Le réemploi revient depuis une dizaine d’années avec l’avènement de l’économie circulaire. Les projets se multiplient à l’instar de la transformation prochaine de l’ancien site de l’usine Fiat à Genève en zone mixte de logements et d’activité industrielle. Nombre d’éléments ont été récupérés, du mobilier urbain aux éléments structurels, y compris des dalles de béton qui ont trouvé place dans les ateliers du Smart Living Lab, à Fribourg. «Le réemploi reste un marché de niche et on manque encore de retours d’expérience, de démonstrations qu’il fait sens techniquement et économiquement et de preuves que les déchets ont encore une valeur pour remplacer des produits neufs», souligne le professeur.

Les études montrent déjà que le réemploi a surtout un sens, en matière d’impact environnemental, quand il concerne les éléments porteurs du fait de leur grande présence et de processus de production ayant une grande empreinte écologique. «Il est clair que si l’on veut avoir un réel impact sur les émissions, cela ne suffit pas de réutiliser le pot de fleur ou la moquette», tranche le professeur. Le produit le plus durable reste celui qui existe déjà, même si sa production était polluante. Une récente étude émanant de son laboratoire montre qu’en réutilisant une dalle en béton, on économise jusqu’à 90% d’émissions de gaz à effet de serre comparativement à la production d’une nouvelle dalle.

Un thème qui essaime

Au-delà de la construction proprement dite, le réemploi produit aussi un cercle vertueux, favorisant l’économie locale et participant à la création de nouveaux métiers à tous les niveaux de qualification. «Les ouvriers ont appris à construire, mais pas à déconstruire. Or pour faire fonctionner le réemploi, on a besoin de nombreuses expertises différentes. De nouvelles start-ups et associations émergent chaque mois avec des modèles économiques très divers et très localisés», précise Corentin Fivet. Une effervescence qui se traduit par exemple par le nombre croissant de sites mettant en relation l’offre et la demande de lavabos, portes, radiateurs, mobilier, ou autres éléments de construction.

L’enseignement est aussi chamboulé. «Désormais, les exigences en matière de durabilité sont tellement élevées qu’on ne peut plus enseigner la technologie du bâti comme il y a encore 10 ans. On doit ouvrir la voie aux méthodes alternatives et apprendre à questionner la norme.» Le réemploi s’invite encore dans les laboratoires de recherche. Outre le SXL, plusieurs laboratoires de la faculté de l’Environnement naturel, architectural et construit (ENAC) de l’EPFL s’intéressent à des problématiques liées au réemploi comme le laboratoire EAST qui aborde les questions de conception des bâtiments, THEMA qui travaille sur l’empreinte environnementale des matériaux à la lumière de l’histoire de la construction, HERUS qui regarde la question des flux de matériaux à l’échelle de la ville, EESD qui étudie la construction de murs en maçonnerie à base de débris de béton, CRCL qui fait appel à la robotique pour automatiser la construction y compris à l’aide de matériaux recyclés ou encore RESSLab qui travaille sur les performances mécaniques de l’acier en vue du réemploi.

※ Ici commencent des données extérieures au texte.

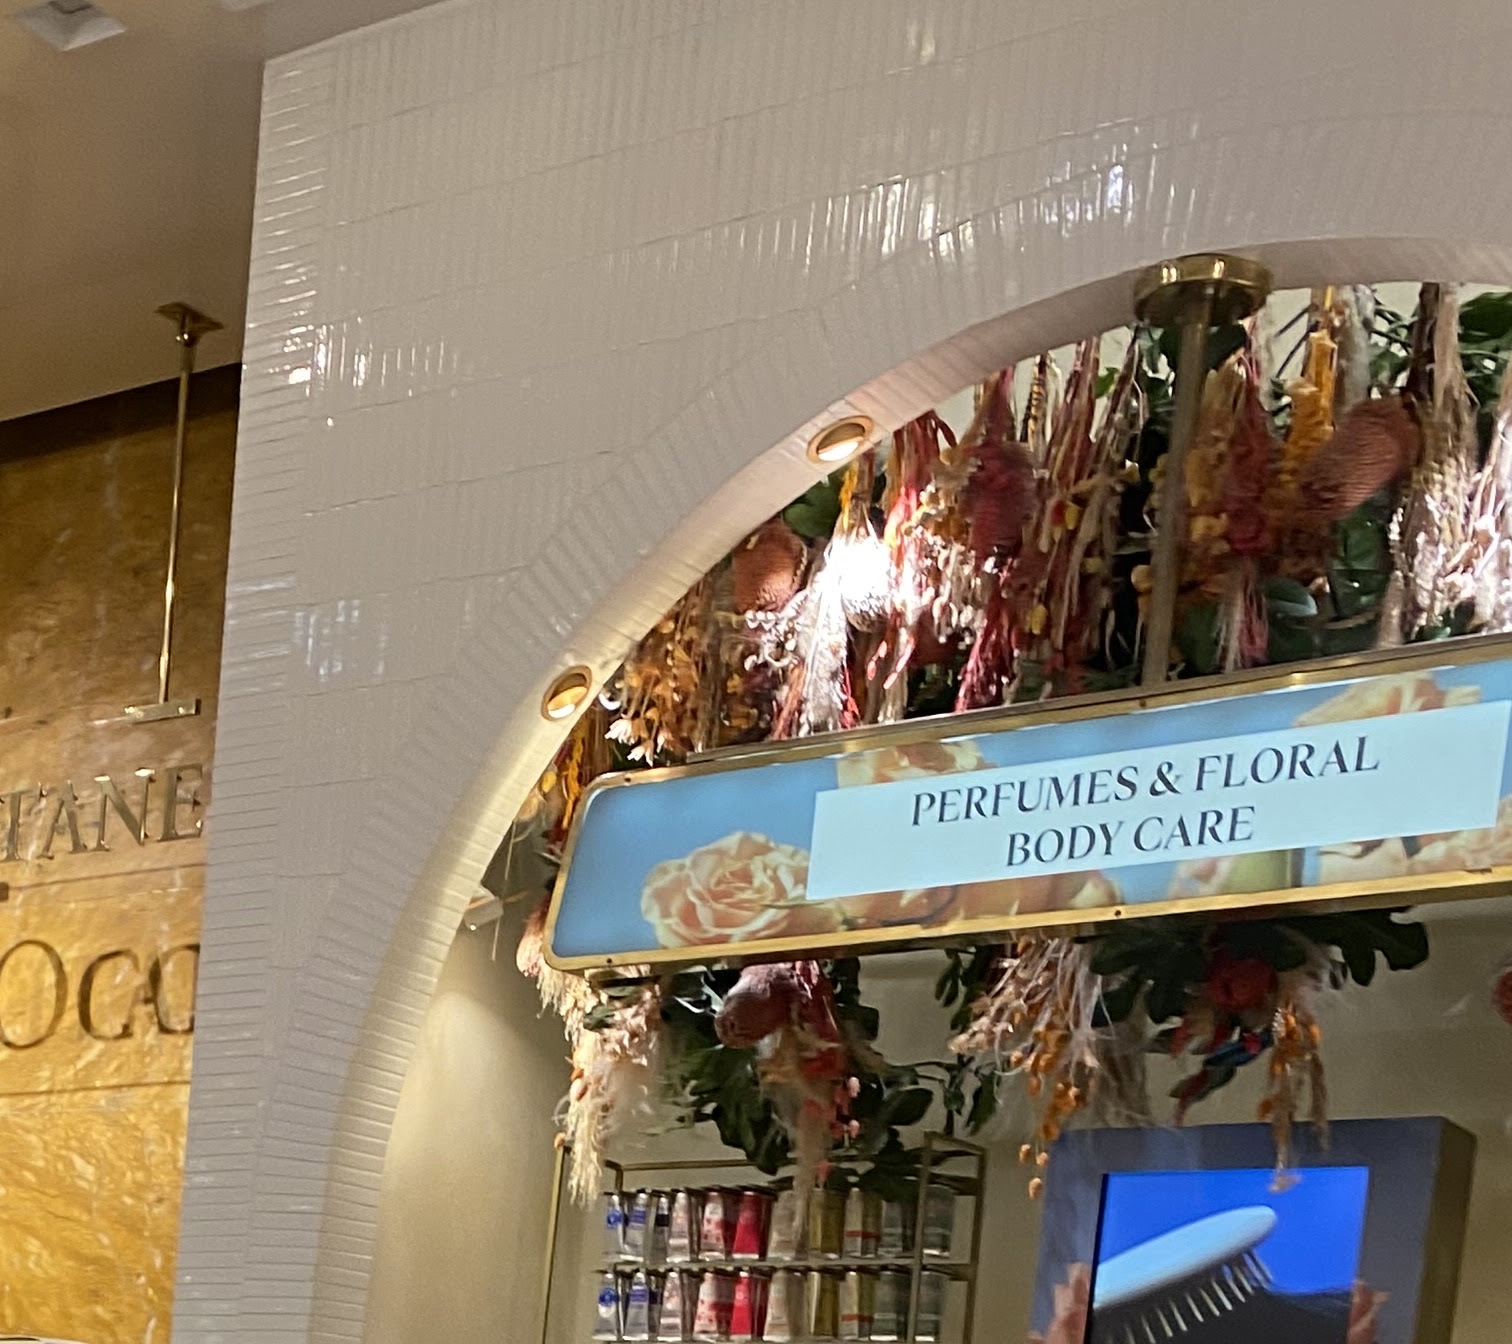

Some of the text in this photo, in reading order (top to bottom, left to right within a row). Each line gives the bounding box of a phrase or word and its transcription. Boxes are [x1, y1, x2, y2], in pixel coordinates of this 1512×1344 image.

Une solution de dernier recours

Mais il ne faut pas se leurrer. Le réemploi doit rester une solution de dernier recours aux yeux du spécialiste. «Notre recherche montre que l’on peut valoriser les déchets de construction, mais cela ne devrait pas servir comme excuse pour continuer à en produire. C’est le problème aujourd’hui des bouteilles en plastique: comment on peut les recycler, la population a généralement moins de scrupules à en utiliser.» Pour réduire l’empreinte énergétique dans la construction, il faudrait en premier lieu conserver les bâtiments existants, préconise le professeur. Si l’on doit les démolir, il faudrait alors les déconstruire et en réemployer le plus possible d’éléments. Après seulement, le recyclage des déchets pourrait être envisagé car il s’agit d’une pratique qui nécessite généralement plus d’énergie et est plus polluante que le réemploi qui essaie de conserver le plus possible des qualités physiques des matériaux.

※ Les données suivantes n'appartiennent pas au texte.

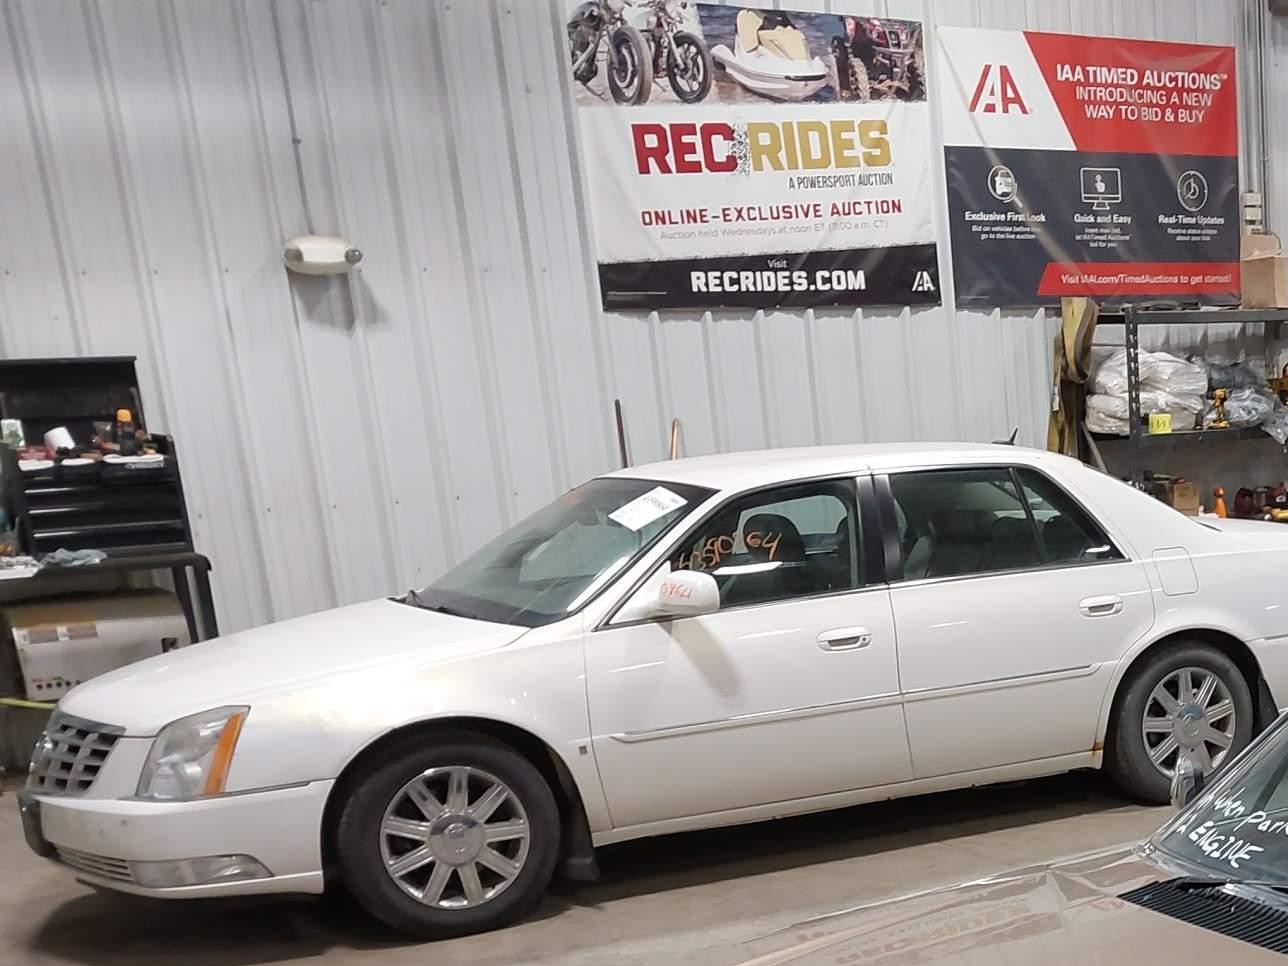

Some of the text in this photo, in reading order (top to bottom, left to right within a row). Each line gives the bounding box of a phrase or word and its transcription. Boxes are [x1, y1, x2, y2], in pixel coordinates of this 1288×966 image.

«Notre recherche montre que l’on peut valoriser les déchets de construction, mais cela ne devrait pas servir comme excuse pour continuer à en produire.»      Corentin Fivet

Le réemploi a aussi certaines limites. En Suisse par exemple, on construit 6 à 7 fois plus qu’on ne démolit. Il faut donc aussi essayer de construire moins et, le cas échéant, surtout mieux. Ne pas remplacer un immeuble par un autre sensiblement pareil, ou pour construire plus grand et plus moderne sans pour autant accueillir plus d’habitants. Et Corentin Fivet de conclure: «Ce genre d’opération ne fait pas sens à la lumière de ce qu’il faudrait consentir pour lutter contre le réchauffement climatique. C’est clair pour les scientifiques, mais des solutions sont encore à trouver pour en convaincre la société et les promoteurs immobiliers.»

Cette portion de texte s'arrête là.